Both the buildup to the bookstore’s big holiday event and the reaction to its disappearance, insane as it is, show off the adorable dynamic between Haru, Ai, and Yujin. Haru and Ai are close childhood friends that both seem to suspect could be more. Haru and Yuujin are playful chums whom everybody suspects could be more. Despite eight episodes of Ai relegated to spying alongside Watson and Yujin totally absent, the moment they’re reunited with Haru the warmth returns. Eri and Tora are gaining a foothold, but they still feel like Haru’s teammates more than friends. You need to turn to Ai and Yujin for the friendly teasing, heartwarming gestures, and romantic tension. It’s all very sweet, but we miss it when the attention’s on the main trio.
It’s such a sweet bond that the scenes we get of Ai hold up despite the ridiculous reason for them. We learn the uniqueness of the bookstore and the history of their Christmas event, adding a meaningful stake when everyone acts like it’s threatened. Ai is so pure and so upset that we just want this poor girl to have her Christmas! And so does Gatchmon, enough to reveal his world to her… he’s totally not trying to hype up Haru or anything. Ai was already praying to a fairy in a tree growing indoors, so believing in Appmon isn’t a stretch for her. She instead emphasizes her appreciation for Haru opening up this part of his life to her.
The fight itself isn’t bad. Calendamon uses dates to trigger memories and manipulate Tora and Eri, a cute tactic that even weaponizes August 1. Haru parries with some clever mind games of his own. Still, Calendamon doesn’t feel like the kind of enemy that warrants a big show out of Haru’s first Super Apprealize. It’s a little shoehorned and completely unnecessary once Haru punks Calendamon out, but we may as well get it over with rather than pretending a new way to summon the same Appmon is a massive level up.
The epilogue also helps save the episode from its premise. Leaving the AR Field reveals a hidden basement the gang can use as a hideout, giving the Appmon more room to breathe and Ai a chance to be more involved. We also recall all the loose ends still dangling: Yujin’s Terminator eyes, Mienumon scheming from her corporate fortress, Rei spending Christmas alone in a doorway. Then the App Drive starts screaming Haru’s name in the middle of the night. That’s new!
My Grade: C+
- While Ai is upset about losing a beloved family tradition passed through generations, Eri and Tora are bemoaning minor blows to their career. We know there will be more sincerity from them later, but that’s a stark contrast.
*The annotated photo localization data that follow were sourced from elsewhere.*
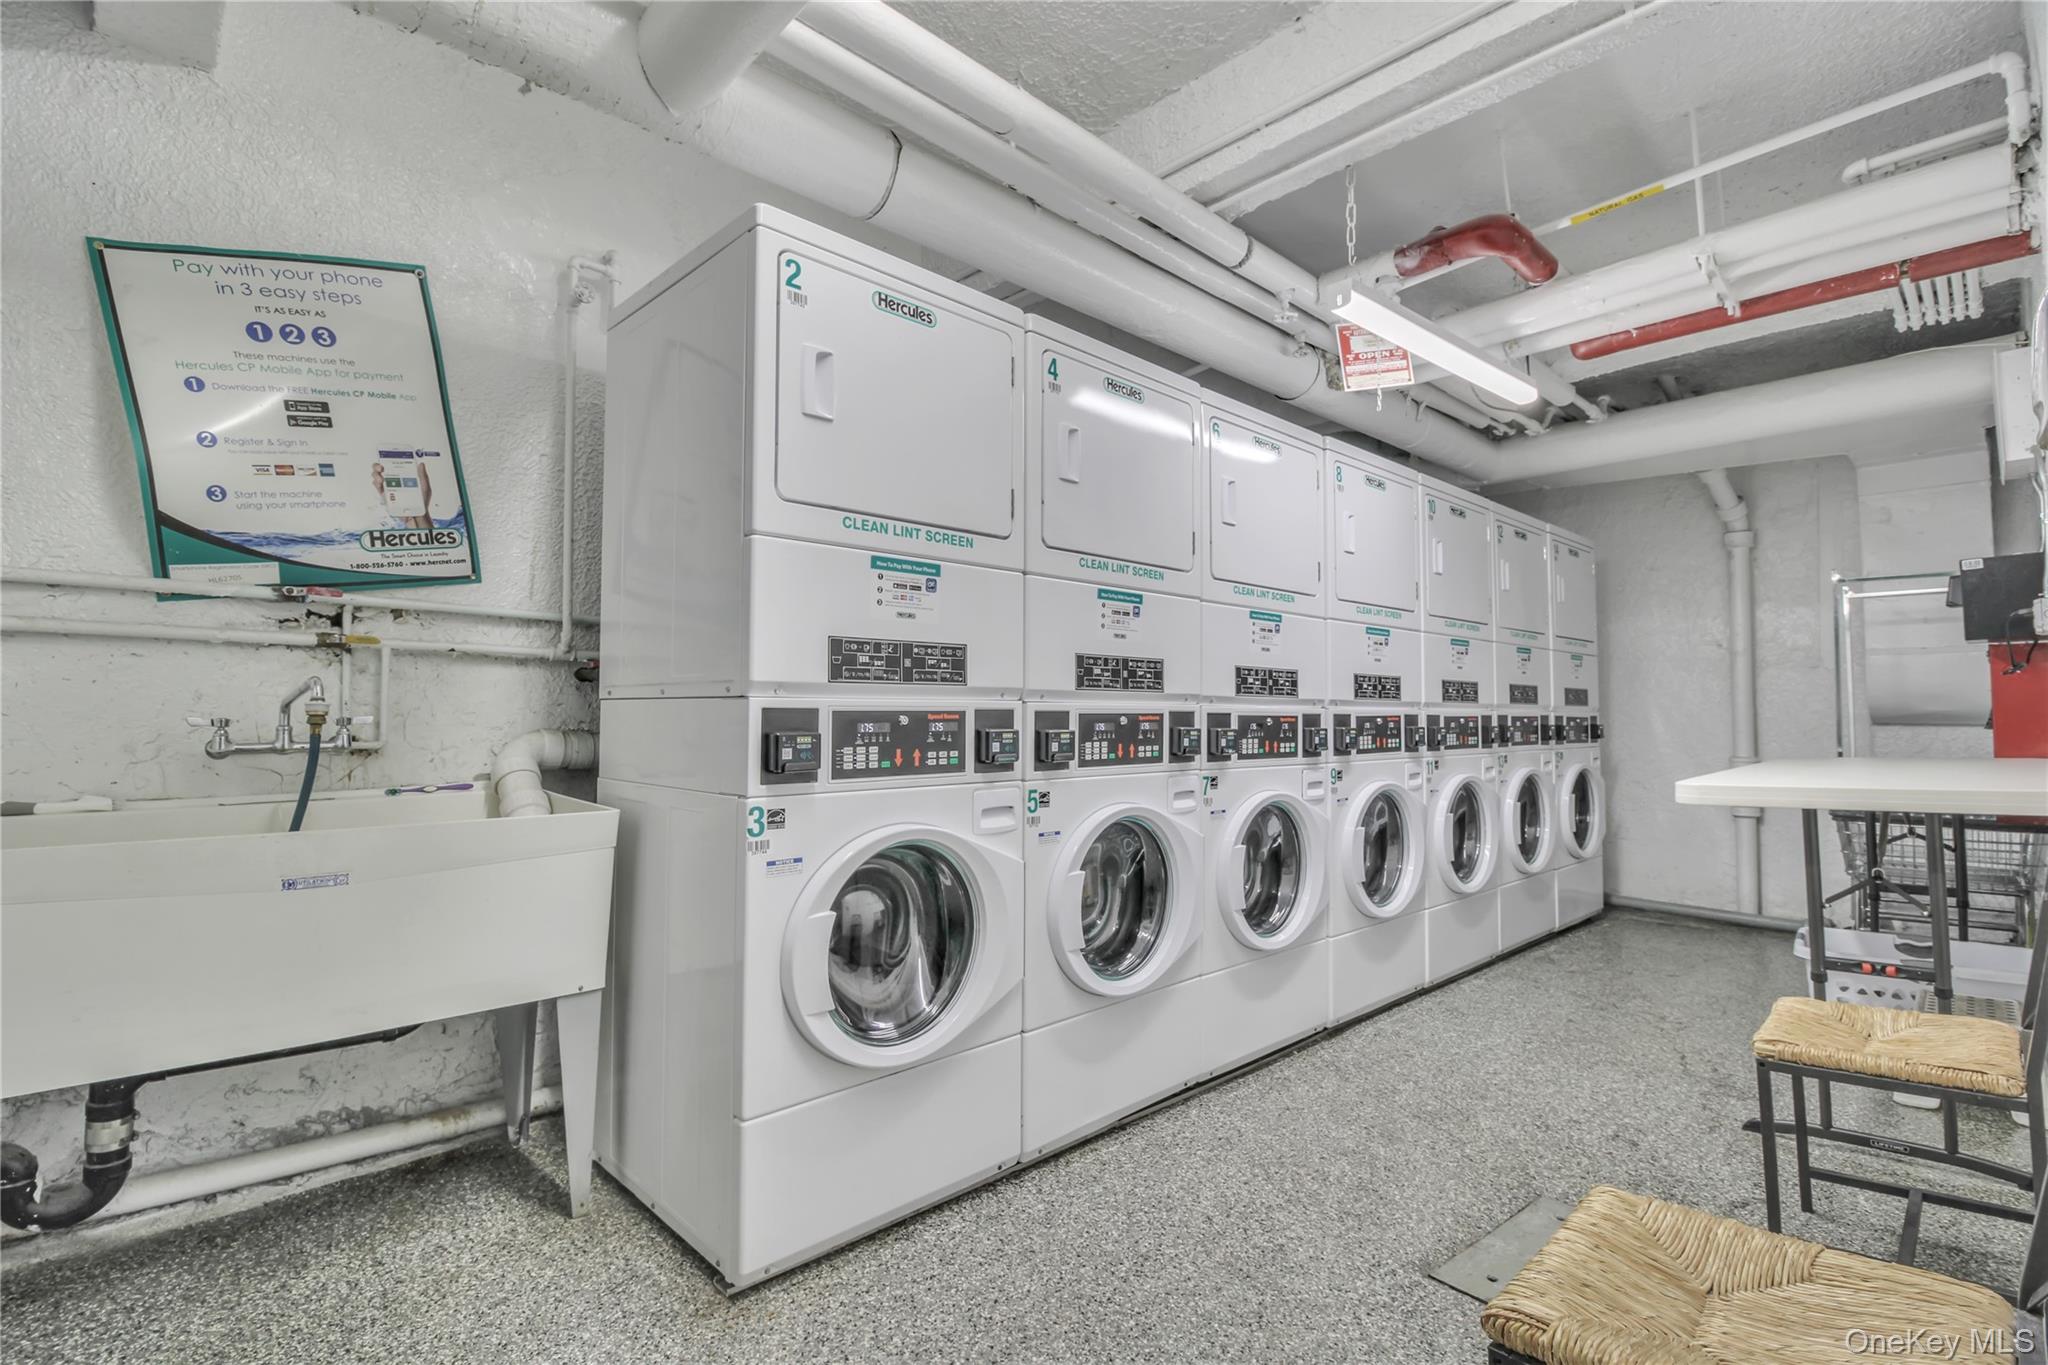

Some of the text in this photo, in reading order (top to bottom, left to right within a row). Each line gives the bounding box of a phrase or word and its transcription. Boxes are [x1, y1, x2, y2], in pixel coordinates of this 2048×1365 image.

[1589, 193, 1644, 217] NATURAL GAS
[172, 258, 383, 288] Pay with your phone
[785, 259, 802, 290] 2
[215, 281, 362, 306] in 3 easy steps
[254, 305, 326, 318] IT'S AS EASY AS
[878, 292, 933, 324] Hercules
[233, 350, 356, 367] These machines use the
[1359, 351, 1390, 360] OPEN
[175, 360, 404, 383] Hercules CP Mobile App for payment
[1047, 358, 1059, 381] 4
[212, 382, 266, 393] Download
[268, 383, 285, 394] the
[287, 385, 310, 395] FREE
[311, 387, 351, 397] Hercules
[352, 389, 365, 398] CP
[367, 390, 397, 400] Mobile
[399, 392, 417, 402] App
[1107, 378, 1142, 401] Hercules
[223, 436, 263, 447] Register
[267, 438, 274, 446] &
[276, 439, 297, 448] Sign
[1336, 466, 1342, 482] 8
[234, 491, 257, 499] Start
[259, 490, 277, 499] the
[279, 490, 322, 499] machine
[236, 500, 347, 511] using your smartphone
[369, 529, 457, 547] Hercules
[842, 516, 974, 549] CLEAN LINT SCREEN
[410, 558, 467, 566] www.hercnet.com
[1079, 557, 1165, 581] CLEAN LINT SCREEN
[1233, 585, 1295, 603] CLEAN LINT SCREEN
[1202, 776, 1210, 796] 7
[1331, 768, 1337, 785] 9
[1028, 789, 1038, 813] 5
[747, 806, 765, 837] 3
- Speaking of sincere heartbreak, some of the more tangential effects of the holiday disappearing are just as personal: the guy with the afro loses out on a date and a woman worries about losing a paycheck.
- There’s something cathartic about regular people realizing something has been going on. Watson commenting that it’s been a weird couple months is a rare acknowledgment that people might be noticing patterns here.
- As if canceling Christmas because Definitely Not iCal is on the fritz isn’t stupid enough, there’s a clear shot of Ai’s dad’s office and a giant calendar on his wall with the dates still intact. Because that’s how dates work.
- Then again, Ai’s dad also didn’t know about an entire floor of a building he not only owns, but has been a part of his entire life. Who dusted and replaced the lightbulbs down there?
- Eri and Tora’s bickering is supposed to be a reminder that they still can’t stand each other, but their mocking of each other’s Christmas media reveals one thing: they both went through the trouble of watching each other’s Christmas media.